Ainsi une coalition se formait sourdement contre la France. Palmerston faisait bien connaître à Sébastiani le langage de Brunnow : « Je lui ai tout dit, excepté la préférence de Nicolas pour une solution qui laisse la France dehors, » (Lettre à Bulwer.) Avec de telles restrictions, une conversation diplomatique ressemble au drame de Hamlet sans Hamlet.

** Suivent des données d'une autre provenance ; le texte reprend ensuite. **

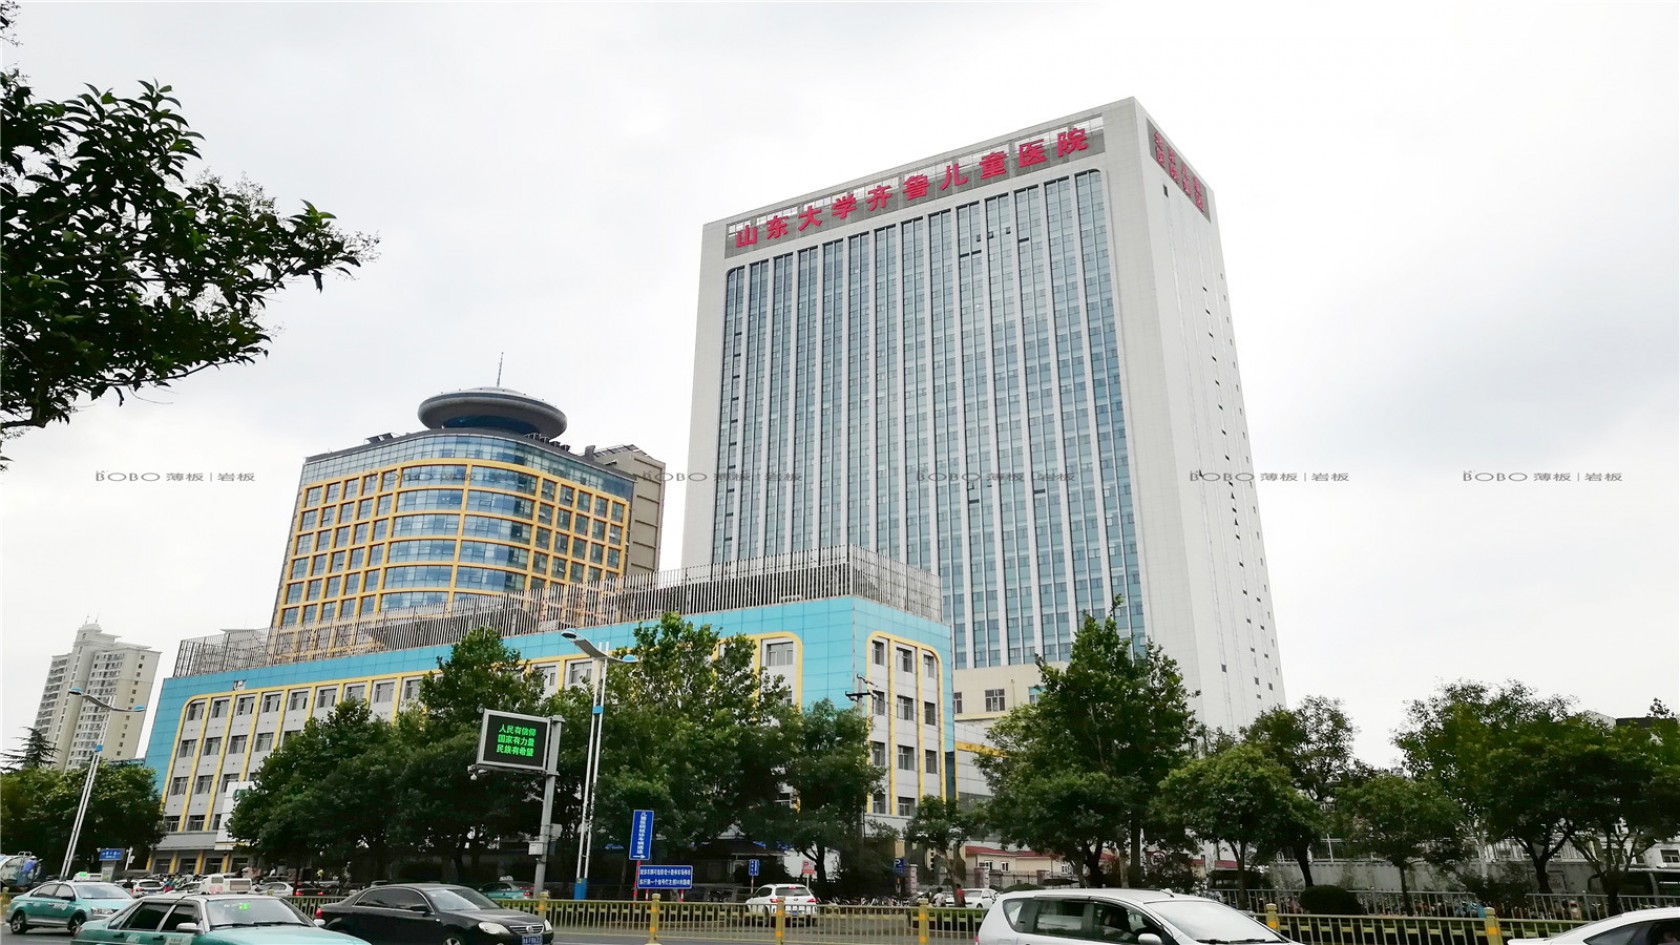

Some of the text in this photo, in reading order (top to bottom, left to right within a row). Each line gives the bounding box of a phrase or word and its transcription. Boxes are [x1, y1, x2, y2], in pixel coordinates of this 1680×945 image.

[736, 127, 1089, 248] 山东大学齐鲁儿童医院
[499, 724, 536, 736] 人民有信仰
[498, 735, 535, 746] 国家有力量
[496, 745, 534, 756] 民族有希望
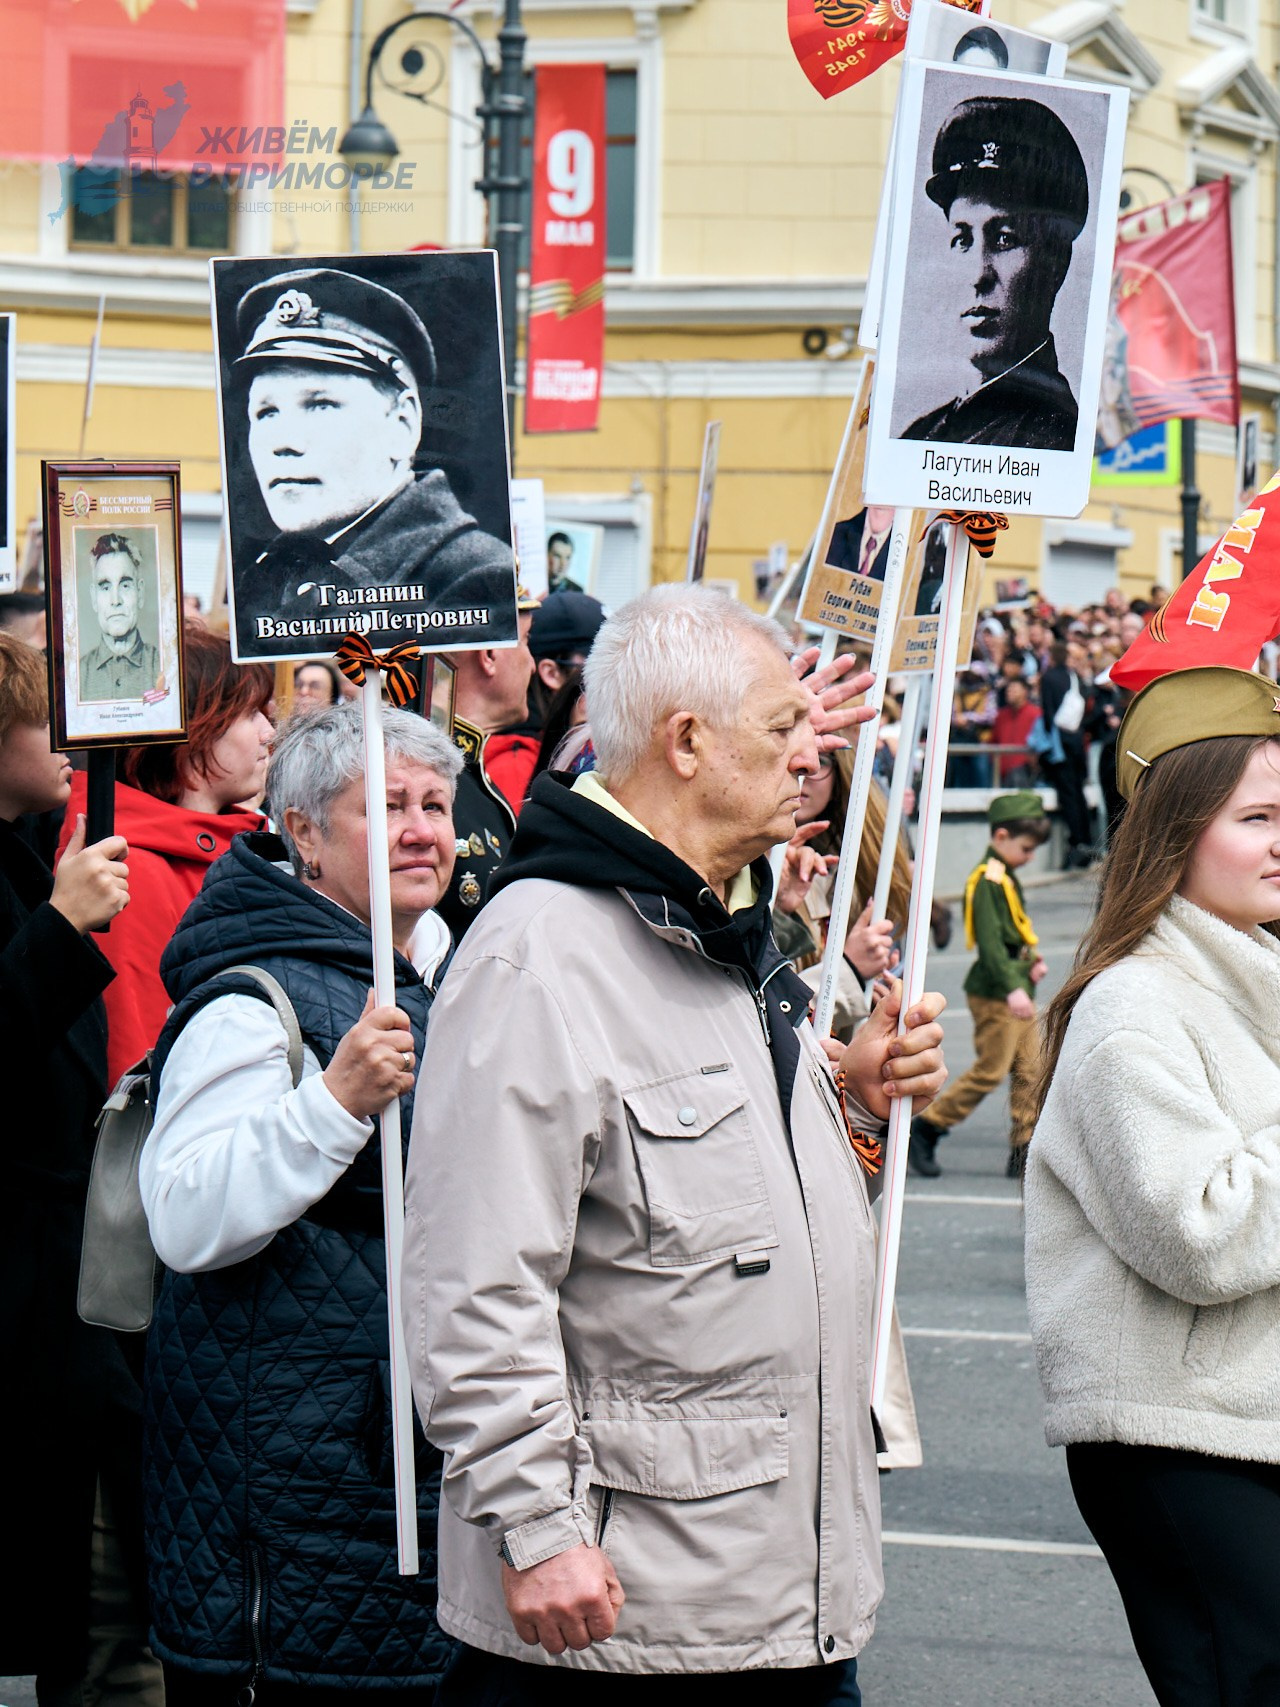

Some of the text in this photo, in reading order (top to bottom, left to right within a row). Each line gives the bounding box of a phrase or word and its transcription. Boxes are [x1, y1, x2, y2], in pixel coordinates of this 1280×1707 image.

[547, 129, 595, 218] 9
[922, 449, 1040, 477] Лагутин Иван
[99, 495, 152, 506] БЕССМЕРТНЫЙ
[928, 479, 1032, 506] Васильевич
[102, 504, 151, 515] ПОЛК РОССИИ
[318, 583, 425, 607] Галанин
[823, 590, 853, 609] Георгий
[849, 578, 873, 597] Рубан
[256, 607, 489, 639] Василий Петрович

Palmerston, il faut le dire, avait des témérités heureuses : il savait se livrer tout entier et couper les câbles à propos. Il professait qu’il n’y a rien de si dangereux que la demi-confiance. On ne crut pas à Paris qu’il se jetterait dans les bras de Brunnow, on pensa qu’il oscillerait entre la Russie et la France ; mais il prit son parti dès qu’il eut trouvé dans Brunnow un homme secret, décidé à le suivre. A ce moment, la coalition de M. Guizot et de M. Thiers renversait le cabinet du maréchal Soult. M. Thiers fut nommé président du conseil, et M. Guizot alla remplacer le général Sébastiani à Londres. Palmerston se réjouit du changement : « Guizot, écrit-il à : lord Granville ; est un homme raisonnable et éclairé. » (11 mars 1840.) Cependant il continue à jouer une partie liée avec la Russie. Il se plaint sans cesse de la mauvaise foi française. Lord Granville lui écrit en vain : « Le roi ne désire pas de querelle avec vous, mais il n’en désire pas non plus avec la presse et les chambres françaises. Il ne veut pas manger l’Égypte, mais il ne veut pas se quereller avec ceux qui la mangent. » Palmerston lui répond impérieusement : ce Peu m’importent les sentimens, je ne regarde qu’aux faits. » Enfin il touche au terme de ses désirs : le 15 juillet, il signe avec la Russie, l’Autriche et la Prusse une convention secrète pour le règlement de la question d’Orient.

En l’absence de lord Granville, Bulwer remplissait à Paris les fonctions de chargé d’affaires. Un matin, à Auteuil, M. Thiers montre à Bulwer le traité secret, dont il avait obtenu connaissance, bien que les négociations eussent été conduites avec le plus grand secret. « Il était naturellement, écrit Bulwer, très décomposé (discomposed). Il me parla de l’effet qui serait produit sur l’opinion publique en France, me pria de ne rien dire jusqu’à ce qu’il eût pris des mesures pour empêcher une violente explosion ; il s’exprima en somme, je dois lui rendre justice, avec plus de regret que d’irritation. »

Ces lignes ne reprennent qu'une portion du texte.